[Given data]
-*-*-
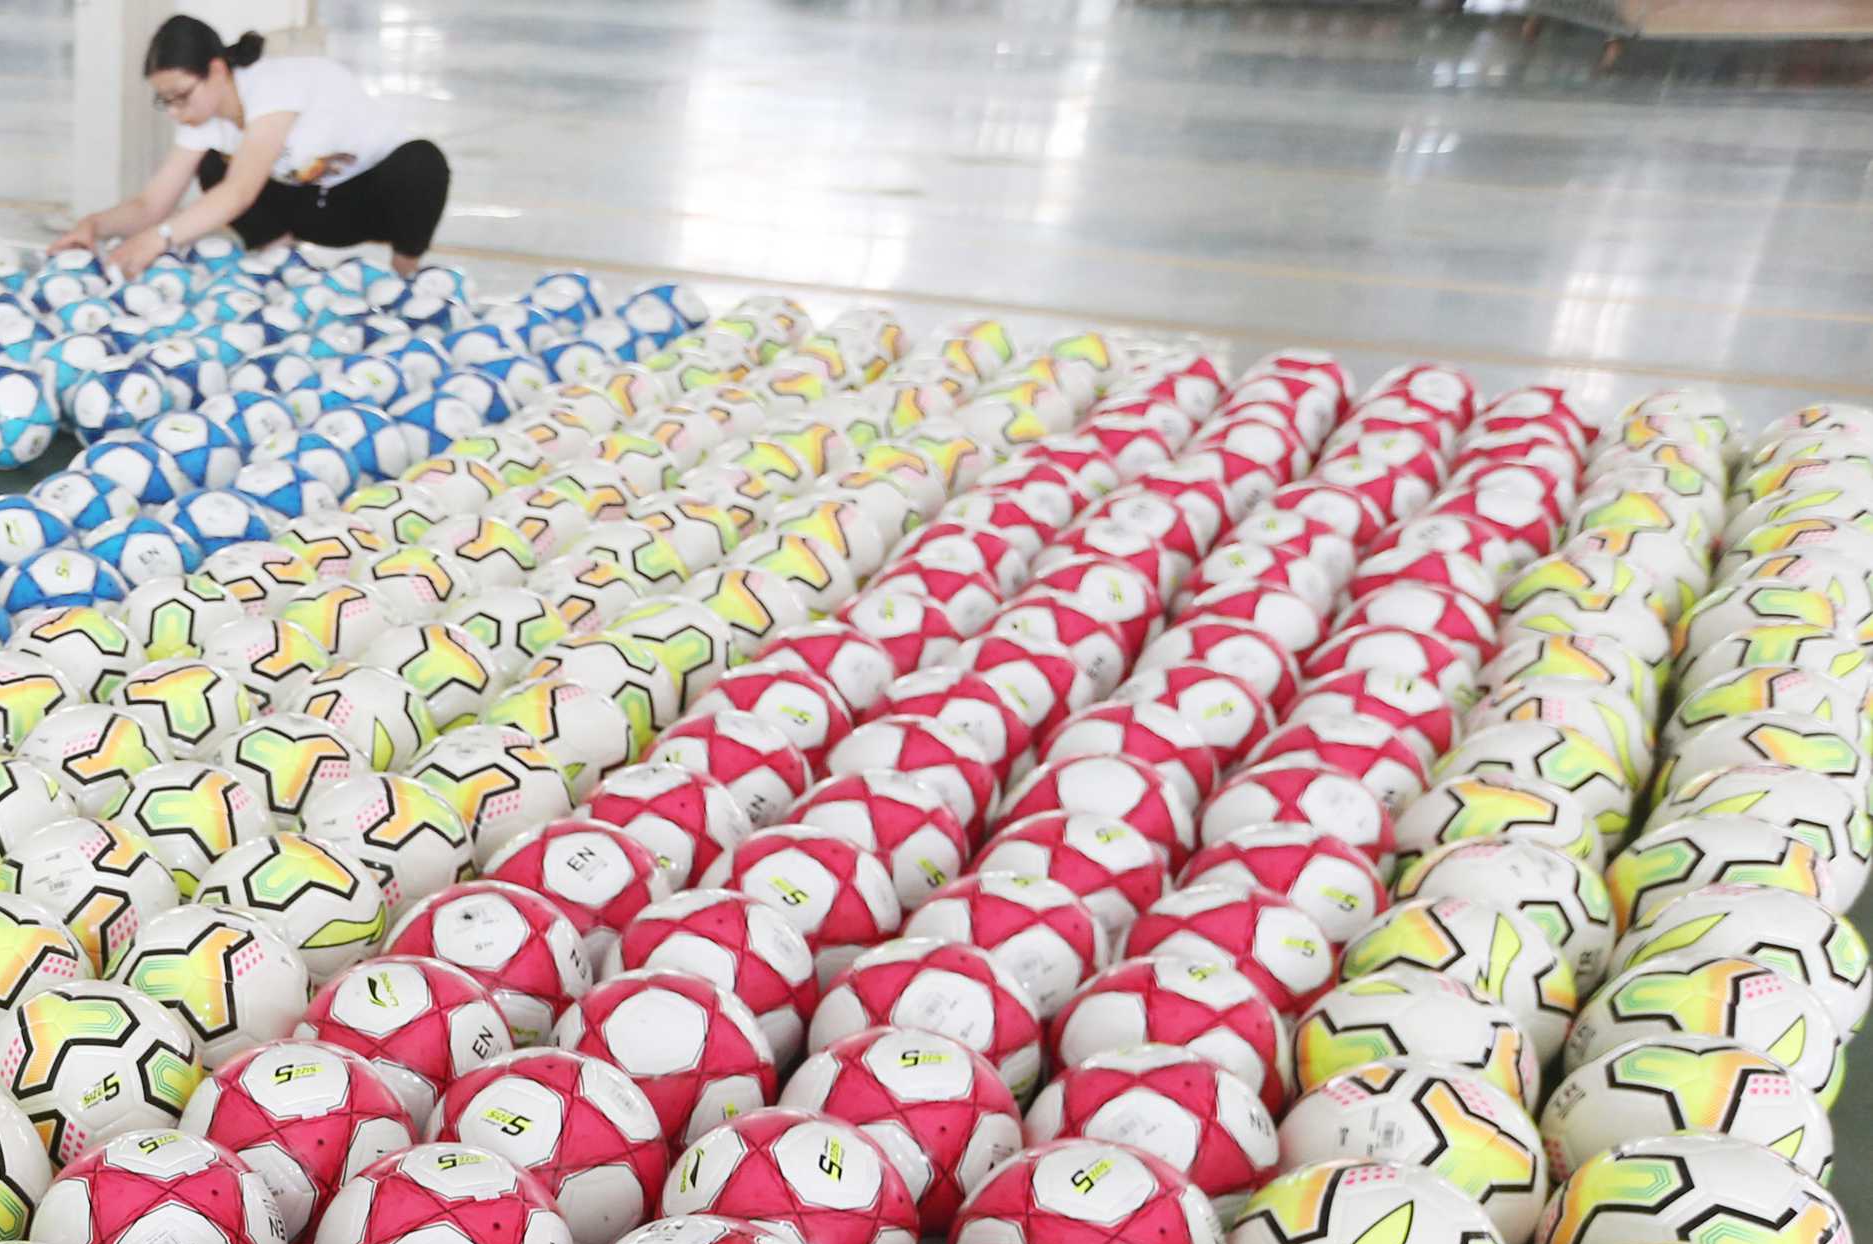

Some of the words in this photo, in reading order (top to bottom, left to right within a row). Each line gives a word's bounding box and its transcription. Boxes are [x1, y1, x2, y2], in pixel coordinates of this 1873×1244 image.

[566, 846, 597, 871] EN
[472, 1025, 496, 1059] EN
[899, 1050, 920, 1067] 5
[274, 1064, 295, 1085] 5
[83, 1087, 104, 1104] SIZE
[103, 1072, 120, 1101] 5
[501, 1116, 532, 1136] 5
[138, 1137, 160, 1155] 5
[437, 1153, 457, 1170] 5
[818, 1154, 843, 1181] 5
[1070, 1170, 1095, 1194] 5
-*-*-
Where an entry contains an image, drop the image and copy everything else word for word.

Some of the words in this photo, in reading order (top to bottom, left to right within a row). Each line gives a word's bounding box and its transcription. Boxes are [x1, y1, x2, y2], in pixel coordinates of this 1873×1244 image.

[566, 846, 597, 871] EN
[472, 1025, 496, 1059] EN
[899, 1050, 920, 1067] 5
[274, 1064, 295, 1085] 5
[83, 1087, 104, 1104] SIZE
[103, 1072, 120, 1101] 5
[501, 1116, 532, 1136] 5
[138, 1137, 160, 1155] 5
[437, 1153, 457, 1170] 5
[818, 1154, 843, 1181] 5
[1070, 1170, 1095, 1194] 5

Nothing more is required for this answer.